Her brow darkened. “Why would we get separated?”

“We won’t,” he said. “Stay close.”

Two corridors led off the main room, one to the left and
another straight ahead. Raith let Savannah choose. Left, she decided. The
hallways, austere hexagonal passages with smooth flooring and dead lightbeams
running their lengths, made Raith feel like he was home. Though there were
spots overgrown with moss and the occasional mold infestation, the structure
appeared intact, and he saw no apparent flaws in its craftsmanship.

Curious, he ignited and reached out to touch one of the
lightbeams. The device made a sputtering sound, then crackled to life, filling
the corridor with pale blue light.

“What’s that?” Savannah asked, shielding her eyes from the
sudden brightness. “How did you do that?”

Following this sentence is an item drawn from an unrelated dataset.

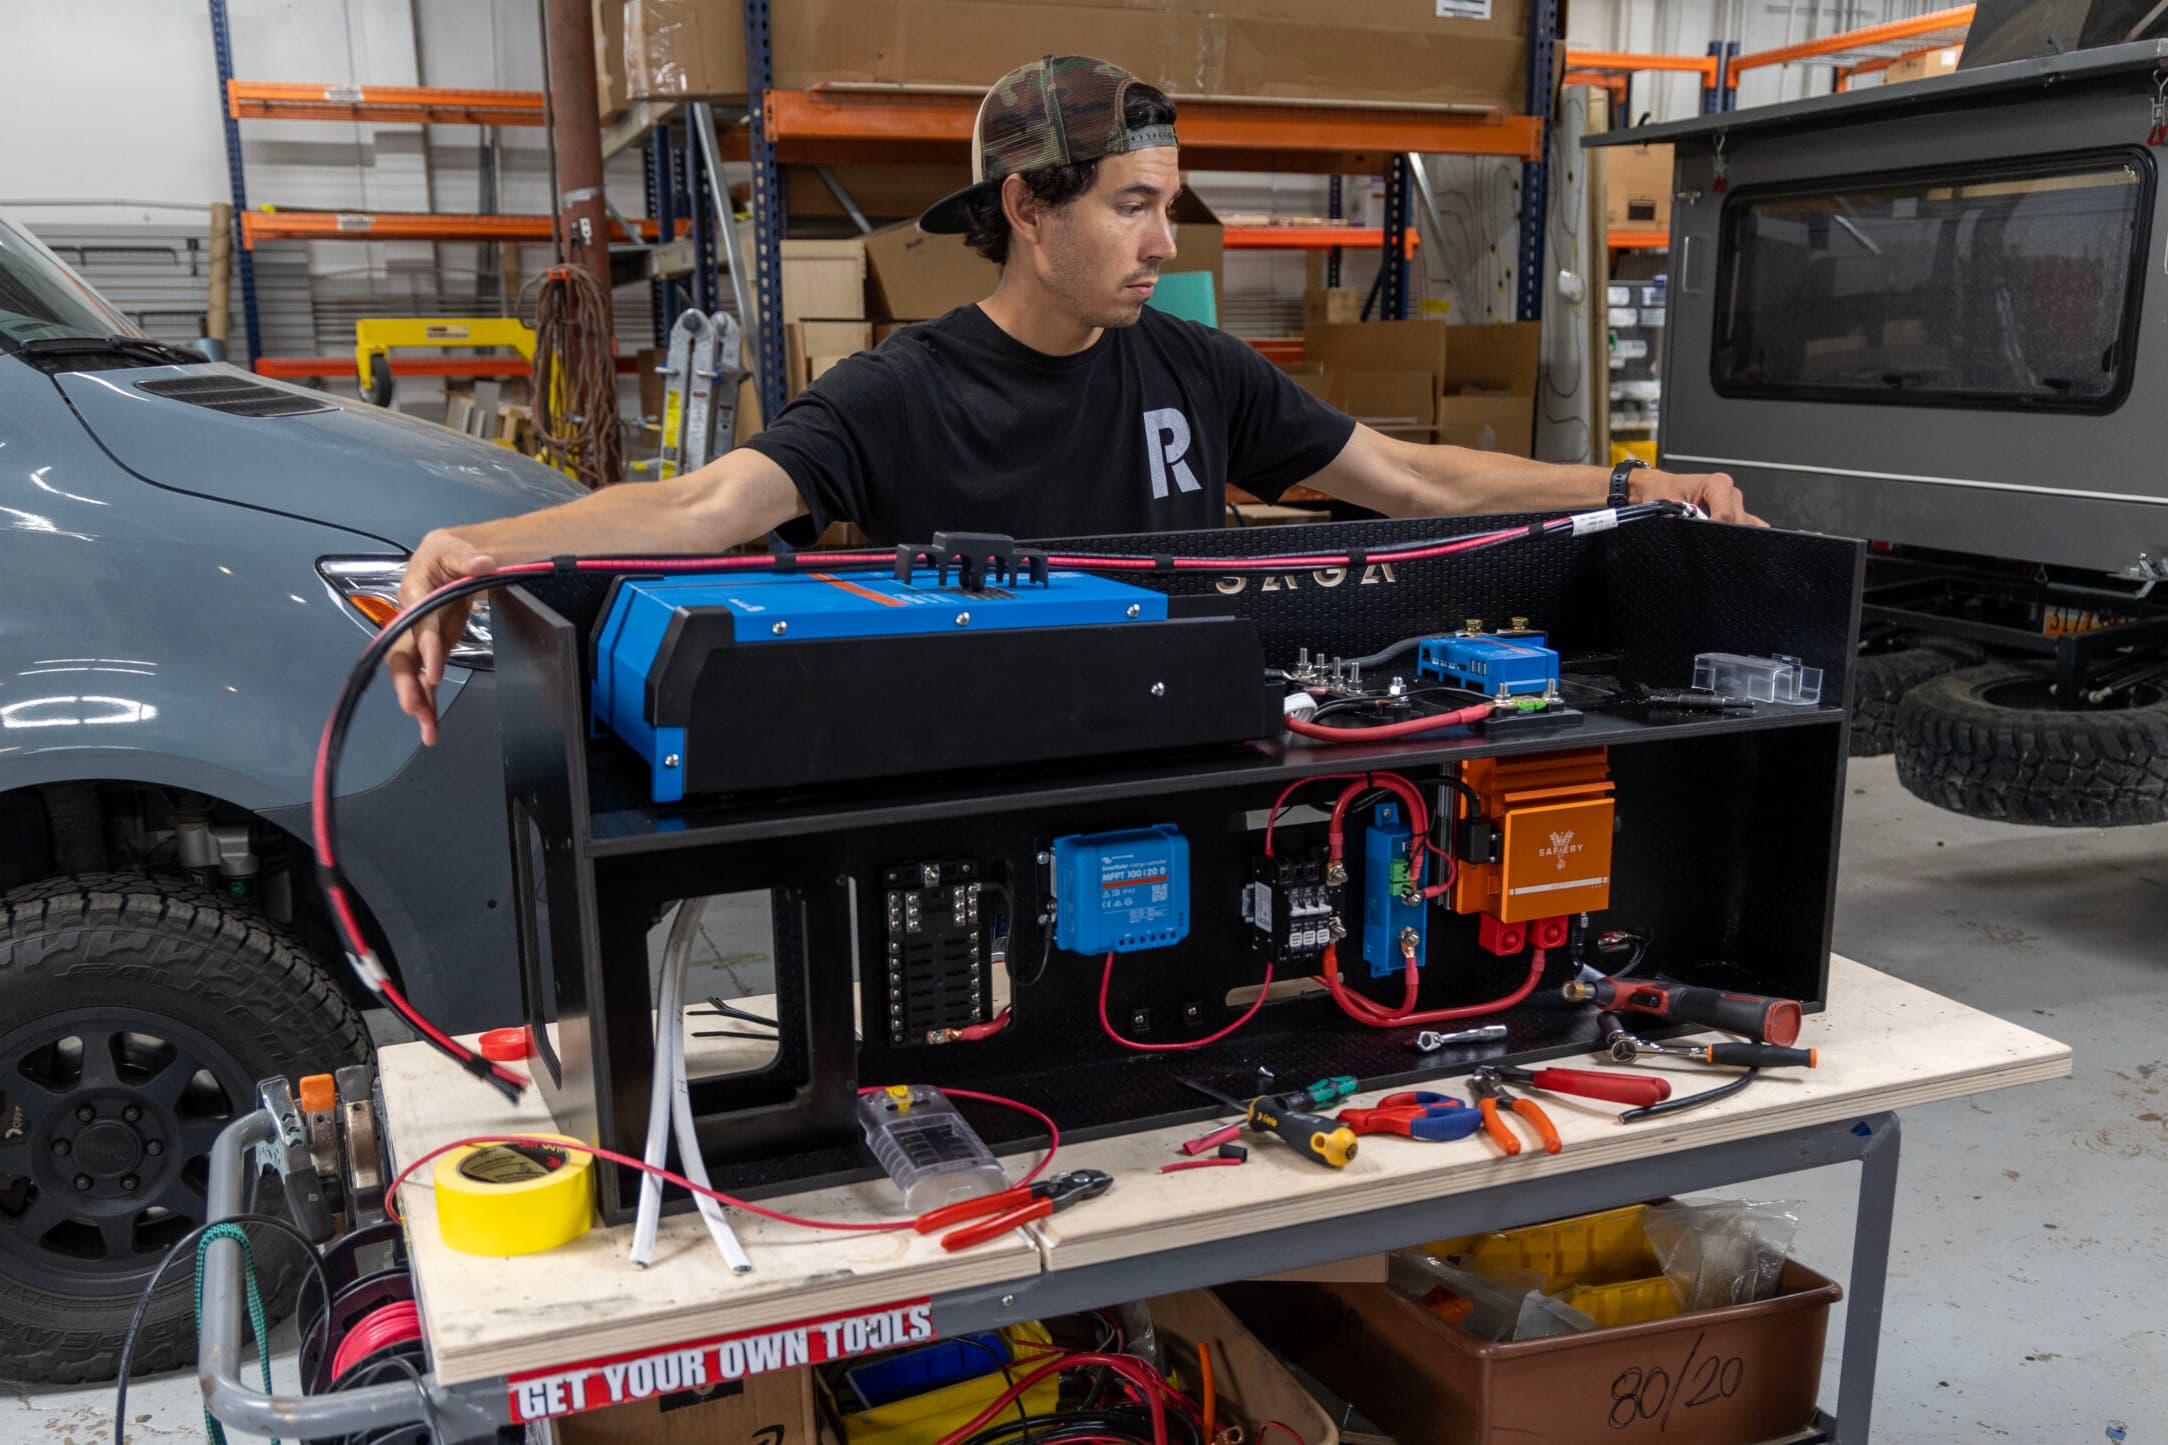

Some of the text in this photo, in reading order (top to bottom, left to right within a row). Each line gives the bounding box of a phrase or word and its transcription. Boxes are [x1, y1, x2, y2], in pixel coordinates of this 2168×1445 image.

[1102, 871, 1125, 881] MPPT
[518, 1305, 933, 1421] GET YOUR OWN TOOLS
[1607, 1331, 1744, 1432] 80/20

“Back when this place had power, the main generator would’ve
fed these like any other light fixture,” he explained. “They hold a charge,
even without constant electricity. You can take them off the wall and carry
them around if you need a light. Ingenious devices.”

“How did you know what to do with it?”

“This place,” Raith said, “is like a smaller version of
Decylum. The halls back home look just like this. The walls, the lights… even
the floors.”

That was when Raith knew he’d stumbled upon a treasure trove
of resources the likes of which he could never have imagined.
This place has
everything we could ever need to expand Decylum
, he thought excitedly.
There
would be no jury-rigging, no melting down and reforming random scrap to fit
Decylum’s design. Everything would fit perfectly as-is, down to the last bolt
and rivet; a natural extension of what’s already there
. The find might even
grant him some small piece of redemption with Decylum’s people. Unlikely, given
the death toll of the expedition. But the knowledge of this place alone was
better than coming home empty-handed.

“So yours is the same sort of facility as this?” Savannah
asked.

“It’s made of the same stuff, and probably from similar
blueprints. Ours came equipped with more in the way of supplies and renewable
resources than I’ve seen here so far. Let’s keep looking.”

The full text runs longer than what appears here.